Nearly one in four expatriate teams has dealt with a critical incident in the past year involving a mobile employee, according to the 2017 Global Mobility Survey from Santa Fe Relocation. The most common risks facing businesses with expatriate workers are medical issues and the severe penalties imposed by host authorities for breaching local laws on immigration and tax.
Terrorism is also high in the list of common risks, the survey finds. More than one in ten (12%) of the 929 global mobility/HR professionals taking part in the research said that their business does not monitor or manage risk and host country environmental factors in any way. However, 68% of those surveyed now have a policy to better mitigate risk, up from 55% in 2016.

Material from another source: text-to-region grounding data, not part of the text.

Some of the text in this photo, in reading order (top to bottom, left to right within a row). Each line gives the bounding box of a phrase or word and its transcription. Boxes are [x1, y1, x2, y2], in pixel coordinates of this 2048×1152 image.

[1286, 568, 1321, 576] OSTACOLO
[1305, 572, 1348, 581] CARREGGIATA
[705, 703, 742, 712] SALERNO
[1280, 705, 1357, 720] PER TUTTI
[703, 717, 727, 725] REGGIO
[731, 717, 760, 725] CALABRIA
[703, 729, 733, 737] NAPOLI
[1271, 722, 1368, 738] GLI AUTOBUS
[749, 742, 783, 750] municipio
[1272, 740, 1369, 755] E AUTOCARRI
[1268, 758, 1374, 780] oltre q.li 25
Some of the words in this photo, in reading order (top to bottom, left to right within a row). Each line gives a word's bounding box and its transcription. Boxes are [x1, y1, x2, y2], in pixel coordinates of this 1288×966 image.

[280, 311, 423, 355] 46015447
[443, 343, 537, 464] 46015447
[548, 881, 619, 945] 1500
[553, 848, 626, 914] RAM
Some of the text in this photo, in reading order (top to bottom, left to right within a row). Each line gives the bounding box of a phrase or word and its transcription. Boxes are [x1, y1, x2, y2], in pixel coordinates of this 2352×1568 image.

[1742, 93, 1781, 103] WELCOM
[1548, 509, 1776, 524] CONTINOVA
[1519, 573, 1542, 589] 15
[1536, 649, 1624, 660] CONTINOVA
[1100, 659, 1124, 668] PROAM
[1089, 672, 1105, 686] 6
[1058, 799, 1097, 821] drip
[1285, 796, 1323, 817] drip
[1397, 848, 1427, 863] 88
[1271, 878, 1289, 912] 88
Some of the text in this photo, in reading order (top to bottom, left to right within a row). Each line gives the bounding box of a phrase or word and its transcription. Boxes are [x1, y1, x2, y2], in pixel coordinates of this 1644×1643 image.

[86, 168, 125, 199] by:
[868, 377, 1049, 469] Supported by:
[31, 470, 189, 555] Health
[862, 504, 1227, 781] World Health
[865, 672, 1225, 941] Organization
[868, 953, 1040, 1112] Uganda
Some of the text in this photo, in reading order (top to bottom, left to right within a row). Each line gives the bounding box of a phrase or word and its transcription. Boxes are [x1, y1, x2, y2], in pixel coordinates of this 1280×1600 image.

Martin Thaysen, group CEO of Santa Fe Relocation, said:
‘Businesses continue to become more and more global, providing great opportunity for markets and personal development – but also increased risk. The significant growth in business travel along with tightened regulations and strengthened controls has significantly increased the exposure businesses and employees have with regards to immigration and tax compliance. Many companies have some process in place, but mostly not effectively managing to the specifics requirements of immigration of tax. Companies often don’t realise their risk and responsibility and employees don’t realise their exposure.’
The research was conducted by Circle Research among 929 global mobility professionals taking part from across 56 countries, as well as 55 business leaders at organisations with a global mobility function from Australia, New Zealand, UK, Belgium, Poland, the USA and Canada.